RECORD EXTRACTS –
§ §
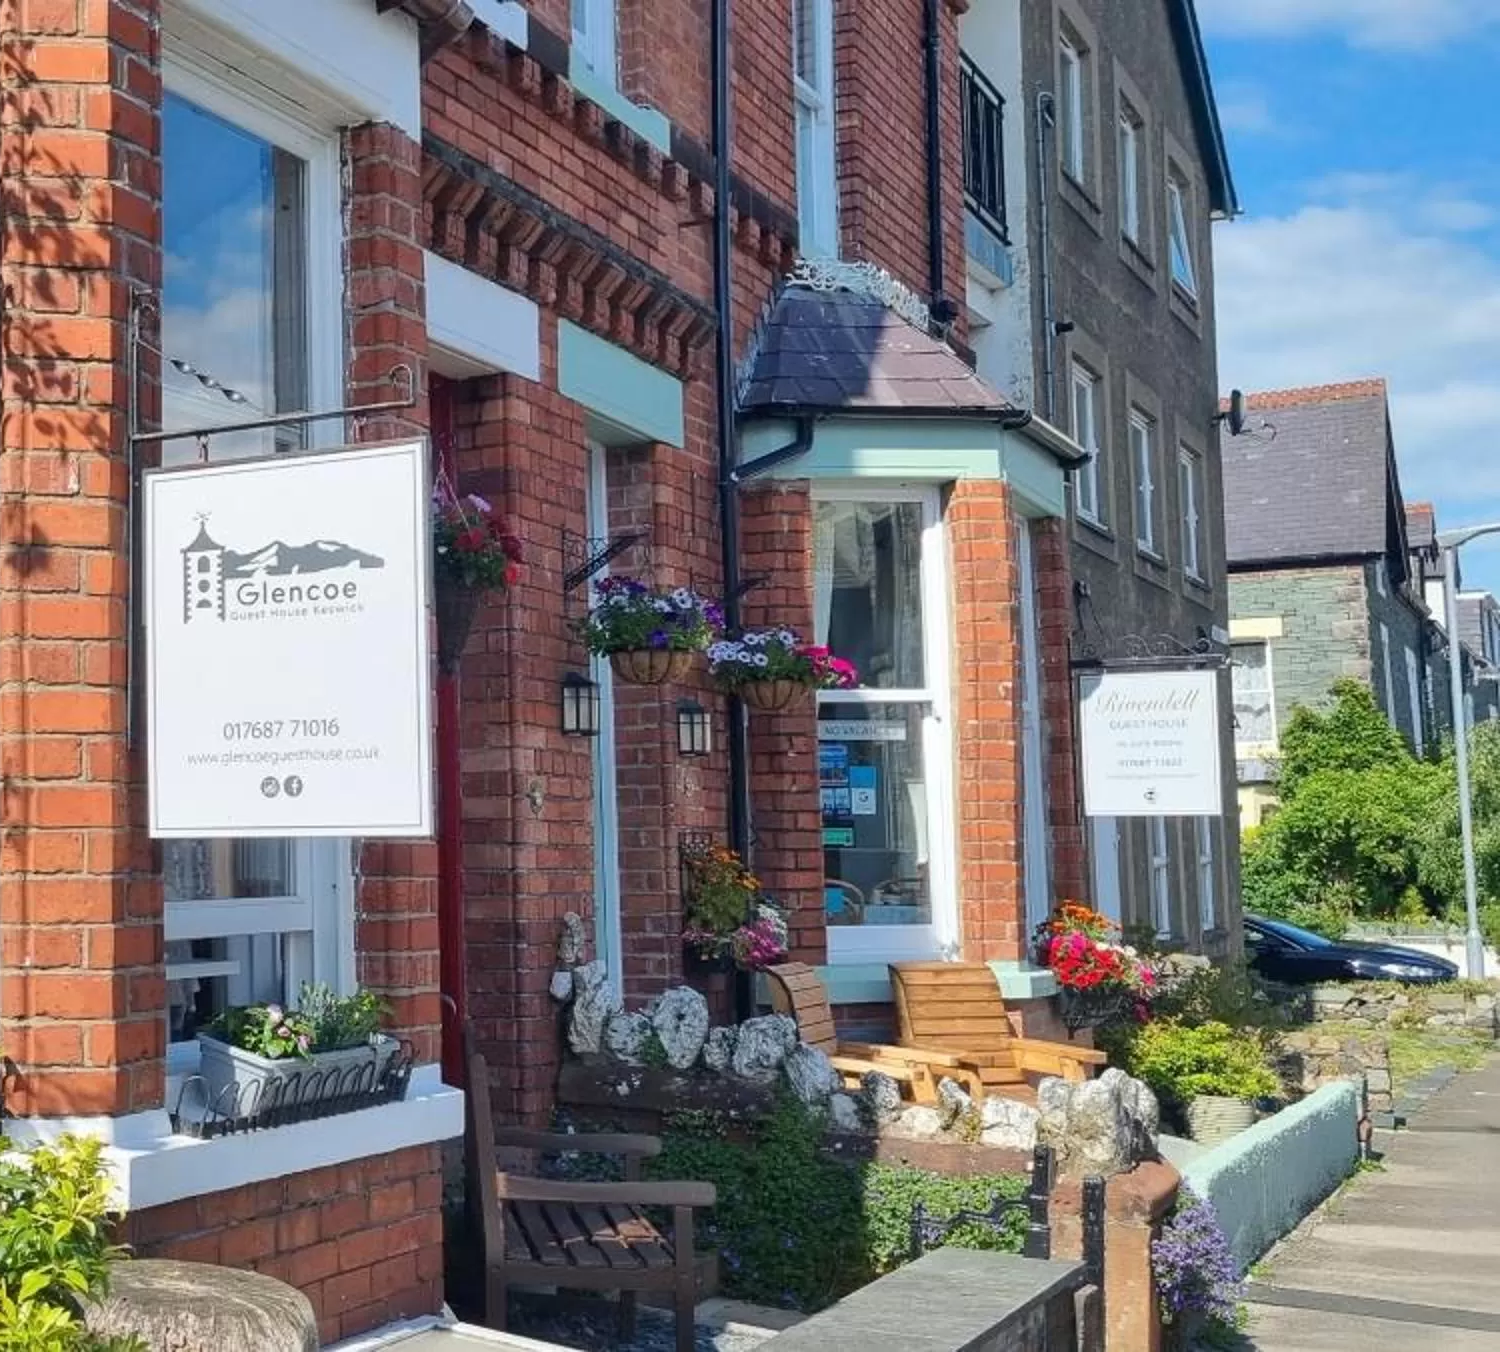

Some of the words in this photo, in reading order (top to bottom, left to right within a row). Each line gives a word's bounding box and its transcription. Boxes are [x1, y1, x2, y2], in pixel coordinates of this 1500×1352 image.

[237, 580, 357, 606] Glencoe
[230, 609, 265, 621] Guest
[271, 607, 307, 617] House
[313, 603, 364, 615] Keswick
[1095, 687, 1200, 713] Rivendell
[223, 721, 284, 741] 017687
[289, 717, 340, 737] 71016
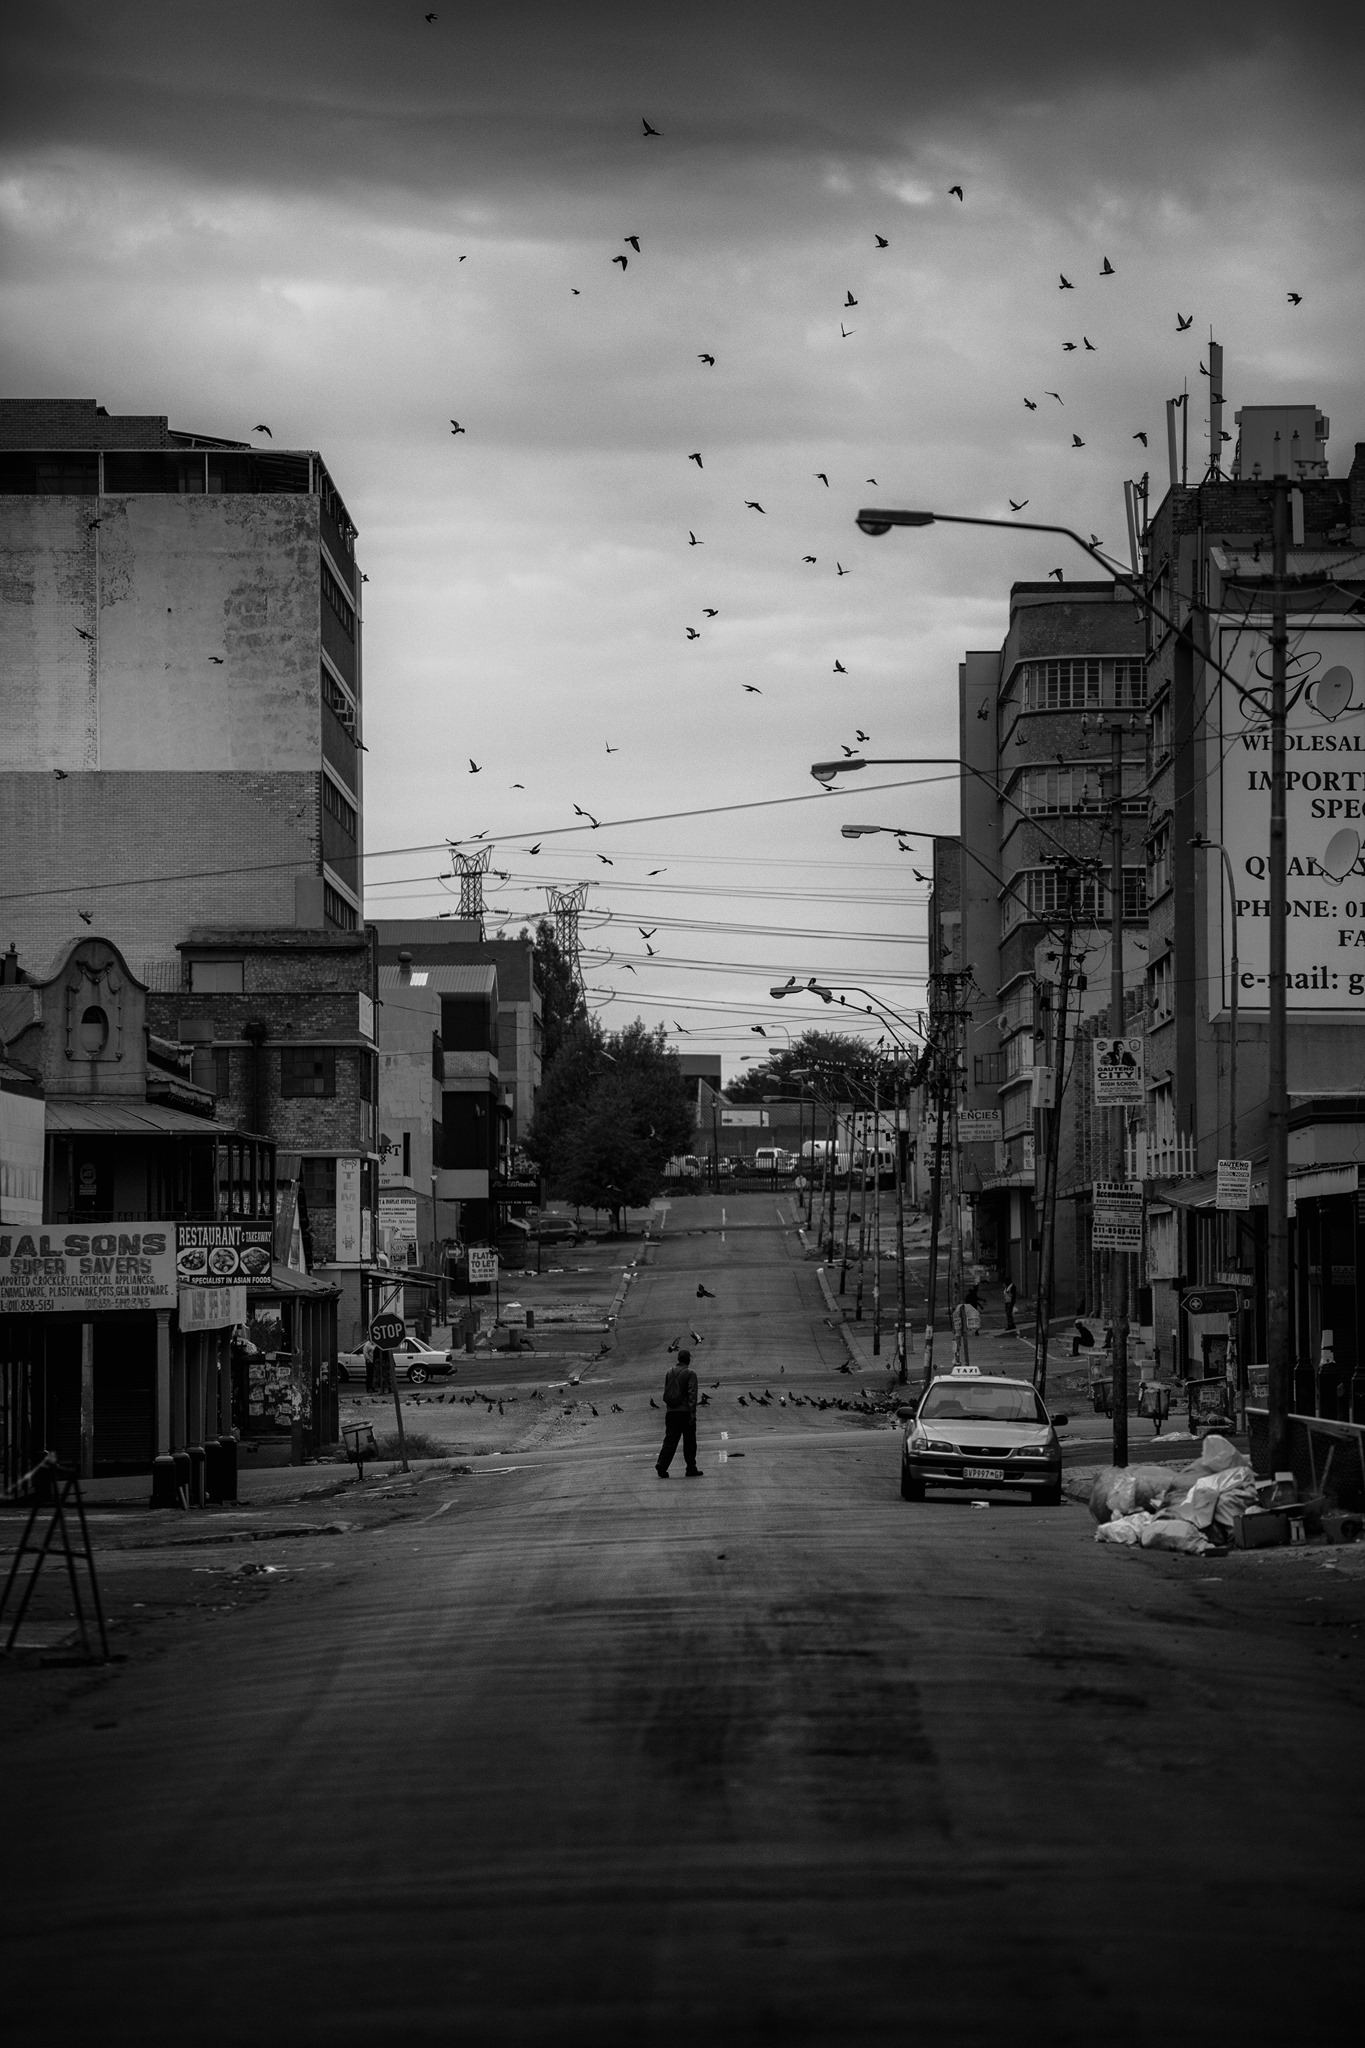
§ §
ASSIGNMENT – With the pictures removed, return the listing above in its exact original wording.

TASK ANSWER –
Some of the words in this photo, in reading order (top to bottom, left to right within a row). Each line gives a word's bounding box and its transcription. Boxes are [x1, y1, x2, y2], in pixel coordinates of this 1500×1352 image.

[237, 580, 357, 606] Glencoe
[230, 609, 265, 621] Guest
[271, 607, 307, 617] House
[313, 603, 364, 615] Keswick
[1095, 687, 1200, 713] Rivendell
[223, 721, 284, 741] 017687
[289, 717, 340, 737] 71016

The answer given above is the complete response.